Cimento e terra antes e cimento e fogo agora. Seu mundo físico se resumia á isso e á um rio de água mortal. O lado de sua blusa que faltava havia sido queimado ao tentar - e conseguir - matar o bestante vampiro, deixando á mostra o resultado e consequência de tal feito: Uma queimadura longa que começava no lado esquerdo de seu pescoço, seguia pela lateral de seu seio também esquerdo e descia pela barriga até pouco acima de seu quadril, seu braço esquerdo também estava envolvido por completo naquilo. O sol começava á nascer.
**
"Collen, esteja bem. Por favor, só esteja bem." Pensou naquilo com todas as suas forças, mesmo que Helena teimasse em tentar acalmar Katherine, dizendo-lhe que não haviam ouvido nenhum canhão, o que significava que pelo menos viva Collen estava.
— Seu otimismo me enoja. — Resmungou Katherine, num mau-humor claro causado pela dor, talvez, em um tom ríspido.
A parte esquerda de sua blusa infelizmente não era capaz de se regenerar magicamente, deixando a barriga da garota á mostra e á mercê do vento rápido, porém quente, que açoitava a arena, mas a dor já havia em parte sumido, ajudando a tributo no quesito andar. O fogo no bosque já havia se dissipado quase que completamente, restando apenas as cinzas como lembrança da destruição se espalhando por toda a parte. Katherine havia optado por se aproximar do rio pelo caminho da ex-floresta, sabendo que a mesma aproximação pela cidade poderia demorar ainda mais devido á distância e ao ritmo não tão rápido usado pela garota ao andar, afinal... Bem, a situação não fica nada simples quando metade de seu corpo está tentando se recuperar e você continua á andar, sem dar chance de descanso. A solidão não lhe incomodava, apenas a preocupação era aparente em seu psicológico. Sentia saudades de Damen pois seu corpo o queria, mesmo que Katherine estivesse convencida de que não sentia nada por ele. Não que não quisesse sentir... Na verdade, desejava internamente sentir aquilo que Helena sentia por Damen por alguém, mas é que já gostava de Collen. Amar Damen seria como tentar ter a vida de Helena. E por mais aceitável que estivesse a relação das duas entre si, Katherine não conseguia suportar a ideia de desejar ter a vida de Helena. "Argh. Helena." Pensou, com certo ódio. Odiava aquilo que estava acontecendo consigo mesma. Afinal, na opinião que costuma mostrar, sentimentos são tão... Inúteis.
***
Se perguntava se não estava ficando louca ao pensar ter visto mais alguém com Collen assim que avistou a pequena do outro lado do rio, novamente. Conseguiu sorrir antes do mesmo sorriso sumir de seus lábios ao sentir o chão tremer abaixo de seus pés antes que pudesse sequer falar com a irmã, que agora havia caído no chão de modo frágil, o que Katherine estranhou, afinal o tremor nem fora tão grande no início.
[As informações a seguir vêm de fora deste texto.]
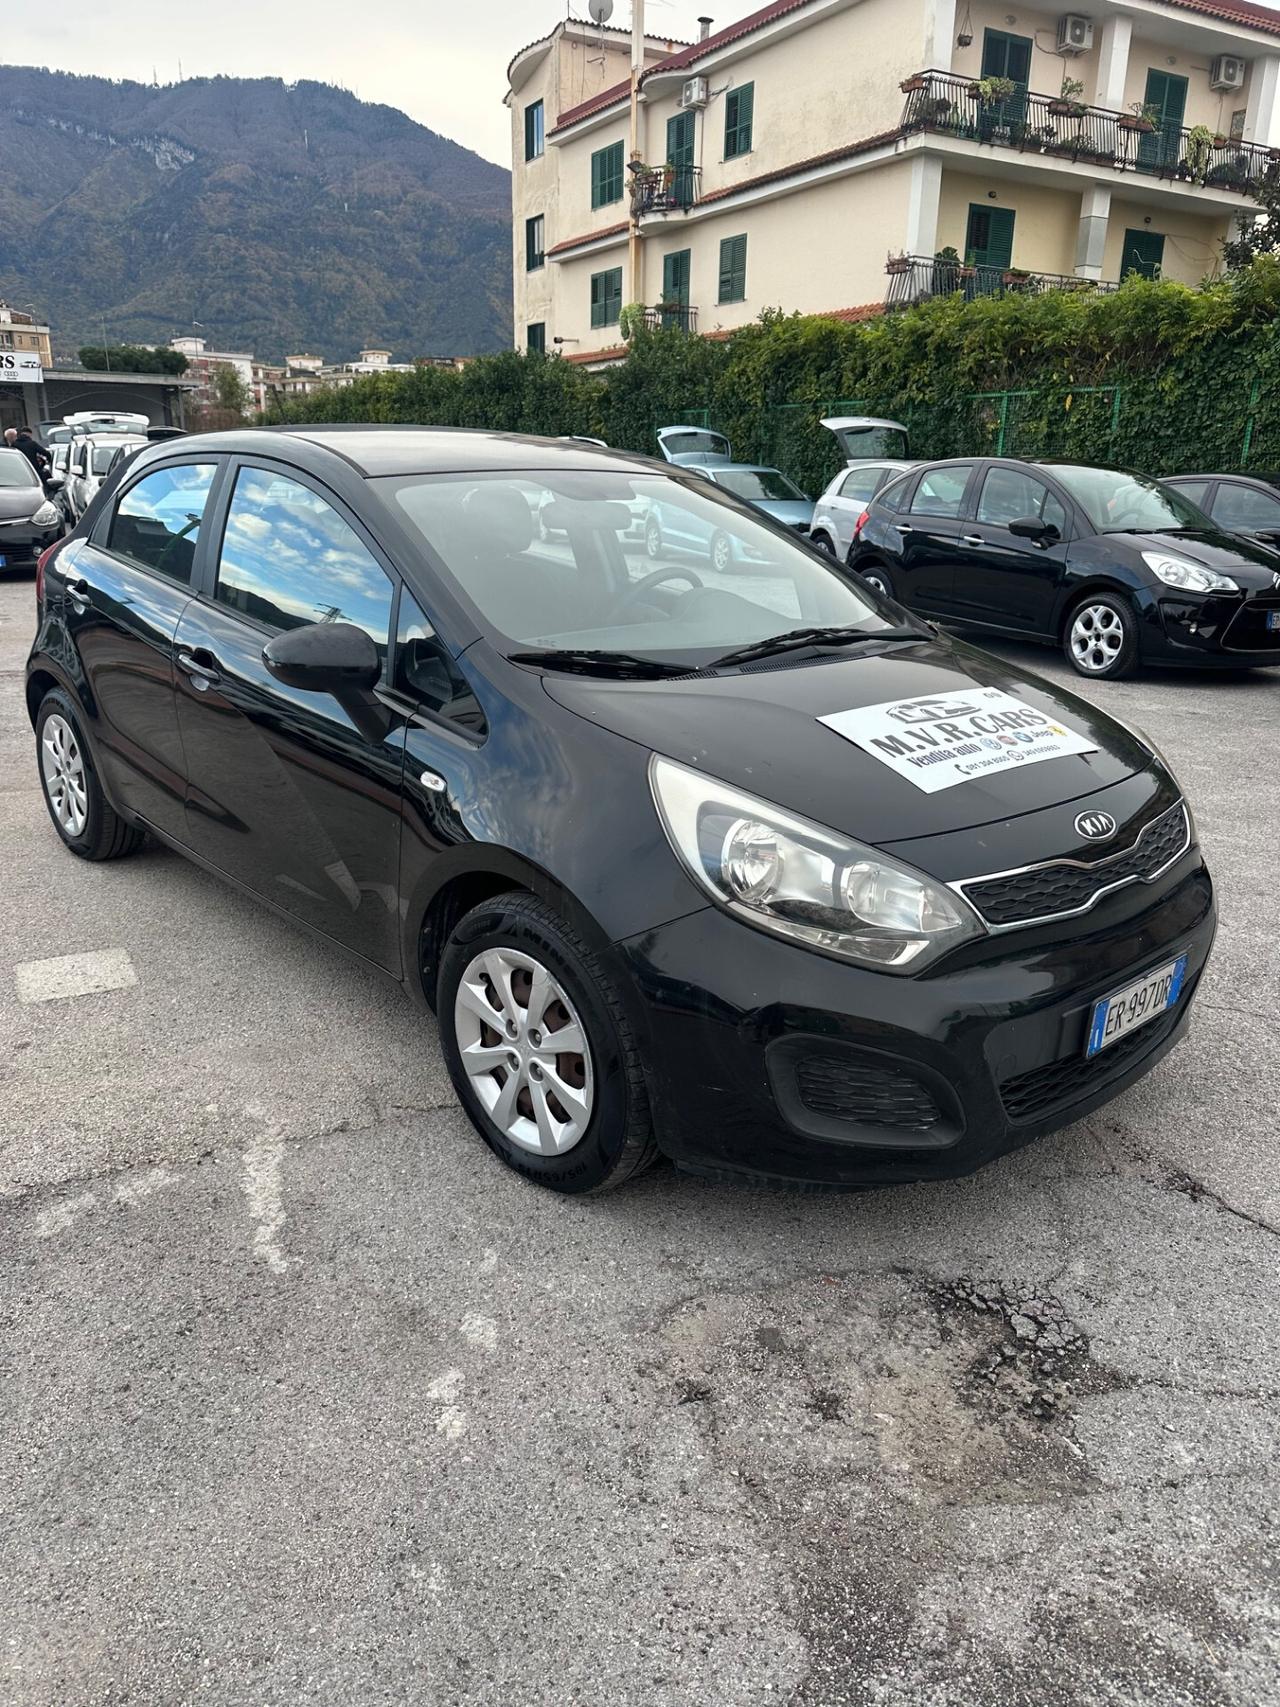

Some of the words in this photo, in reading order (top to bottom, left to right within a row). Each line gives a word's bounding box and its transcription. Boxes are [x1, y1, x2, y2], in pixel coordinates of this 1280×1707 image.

O que parecia ser um terremoto aumentou, arrancando um grito baixo e abafado de Katherine, assim que algumas partes do chão começaram á rachar. O ar ganhou um tom amarronzado que rapidamente se intensificou e o solo começou á se mover mais rápido.
Cinzas e terra atrapalhando sua respiração. Uma tontura lhe atingiu, fazendo tudo girar ainda mais á seus olhos. Tossiu e colocou as mãos no rosto, numa tentativa falha de proteger os olhos da poeira.
Não via mais o rio quando os tremores e rachaduras deram sinais de que iam diminuir. Caminhou para trás tentando se manter de pé, procurando algo em quê se apoiar. Continuou á tossir.
Quase tão rapidamente quanto surgiu, o terremoto parou e a poeira começou á baixar. Antes mesmo que já pudesse distinguir uma coisa da outra, um fato ficou claro: O rio já não existia mais, mesmo.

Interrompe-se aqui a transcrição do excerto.